The opinion of the court was delivered by: Sara Darrow United States District Judge


Tuesday, 31 January, 2012 12:24:42 PM

Clerk, U.S. District Court, ILCD


Plaintiff, currently detained in the Rock Island County Jail, has filed an amended complaint as directed by this Court. The amended complaint is before the Court for a merit review pursuant to 28 U.S.C. § 1915A.*fn1

Section 1915A requires the Court to identify cognizable claims and dismiss claims that are "frivolous, malicious, or fail[] to state a claim upon which relief may be granted." A merit review hearing was scheduled to aid the court in this review, but will be cancelled as unnecessary.
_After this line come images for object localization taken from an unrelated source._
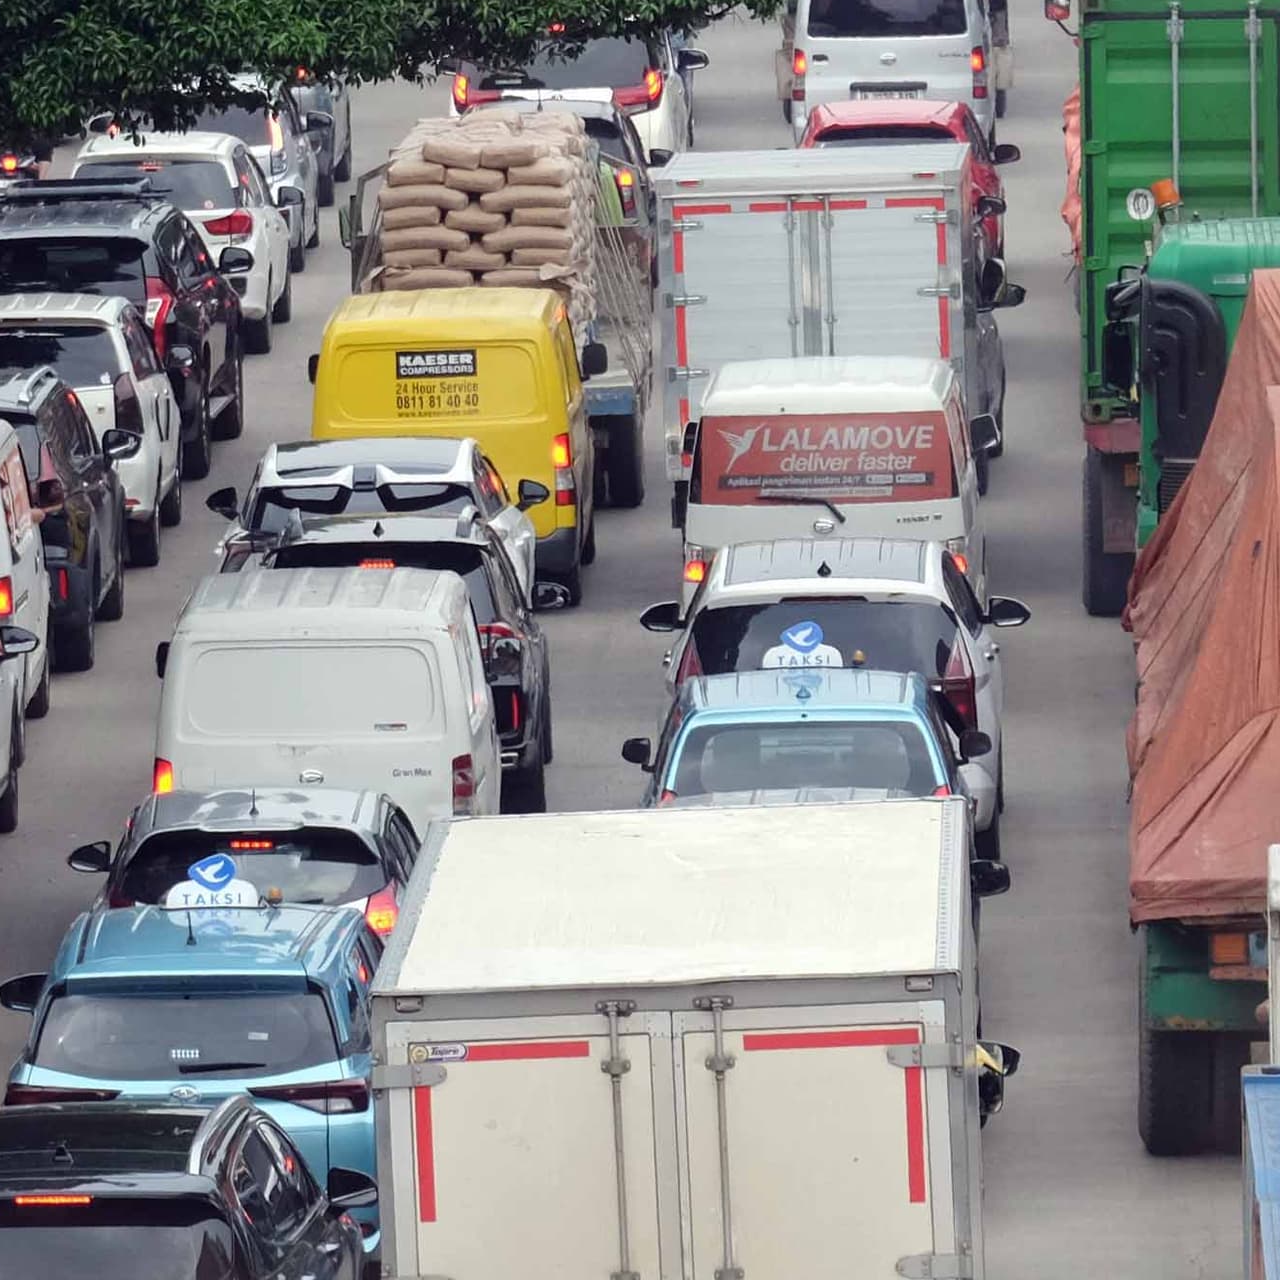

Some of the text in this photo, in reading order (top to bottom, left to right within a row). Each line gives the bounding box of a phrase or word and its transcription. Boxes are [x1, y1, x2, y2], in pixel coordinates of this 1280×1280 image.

[399, 353, 474, 367] KAESER
[400, 364, 474, 375] COMPRESSORS
[396, 380, 479, 395] 24 Hour Service
[396, 393, 479, 410] 0811 81 40 40
[761, 425, 935, 452] LALAMOVE
[780, 450, 917, 472] deliver faster
[777, 655, 831, 666] TAKSI
[182, 893, 242, 906] TAKSI
The merit review standard is the same as the motion to dismiss standard. To state a claim under federal notice pleading standards, the Complaint must set forth a "short and plain statement of the claim showing that the pleader is entitled to relief." Fed. R. Civ. P. 8(a)(2). Factual allegations are accepted as true and need only give "'fair notice of what the . . . claim is and the grounds upon which it rests.'" EEOC v. Concentra Health Serv., Inc., 496 F.3d 773, 776-77 (7th Cir. 2007), quoting Bell Atlantic Corp. v. Twombly, 127 S.Ct. 1955, 1964 (2007)(other citation omitted). However, the factual "allegations must plausibly suggest that the plaintiff has a right to relief, raising that possibility above a 'speculative level.'" Id., quoting Bell Atlantic, 127 S.Ct. at 1965, 1973 n. 14. "A claim has facial plausibility when the plaintiff pleads factual content that allows the court to draw the reasonable inference that the defendant is liable for the misconduct alleged." Ashcroft v. Iqbal, 129 S.Ct. 1937, 1949-50 (2009), citing Twombly, 127 S.Ct. 1955. The Court keeps in mind, however, that pro se pleadings are liberally construed. Bridges v. Gilbert, 557 F.3d 541, 546 (7th Cir. 2009).
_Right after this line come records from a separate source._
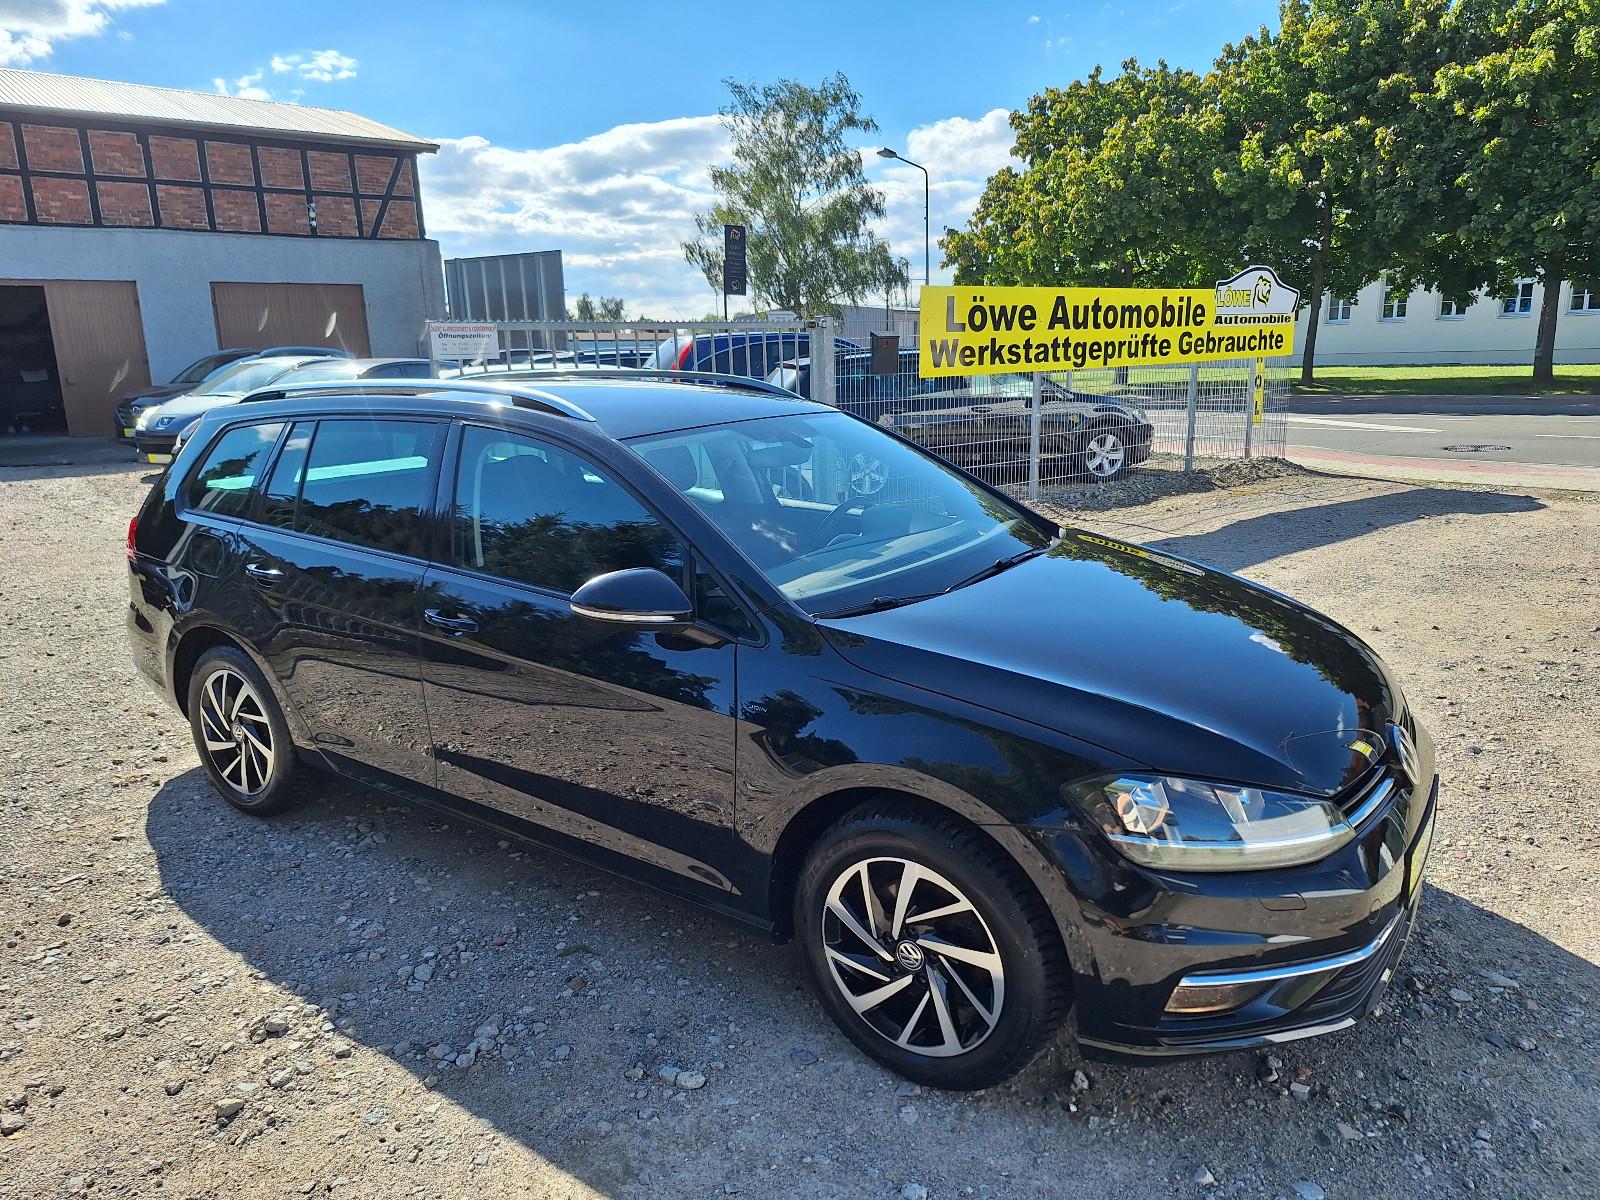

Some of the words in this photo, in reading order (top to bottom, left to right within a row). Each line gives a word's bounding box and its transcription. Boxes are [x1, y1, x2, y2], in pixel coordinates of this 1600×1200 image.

[1216, 286, 1252, 308] LÖWE
[946, 295, 1037, 333] Löwe
[1047, 295, 1206, 332] Automobile
[1214, 314, 1292, 325] Automobile
[930, 334, 1172, 369] Werkstattgeprüfte
[1177, 329, 1285, 355] Gebrauchte
Plaintiff is incarcerated in the Rock Island County Jail. He has been diagnosed with manic depression, bipolar disorder, and a sleeping disorder. He takes one pill in the morning.

On the morning of November 24, 2011, Plaintiff was given medication. He did not realize until after he swallowed the medicine that he had taken two pills, not his usual one pill. After some investigation, Plaintiff realized that he had been given another inmate's medicine in addition to Plaintiff's own medicine. This other inmate's medicine was for treating high blood pressure or HIV. Defendant Utz, the correctional officer on duty, was notified and responded that he would try to find the other inmate's medicine, but Utz never returned with the other inmate's medicine.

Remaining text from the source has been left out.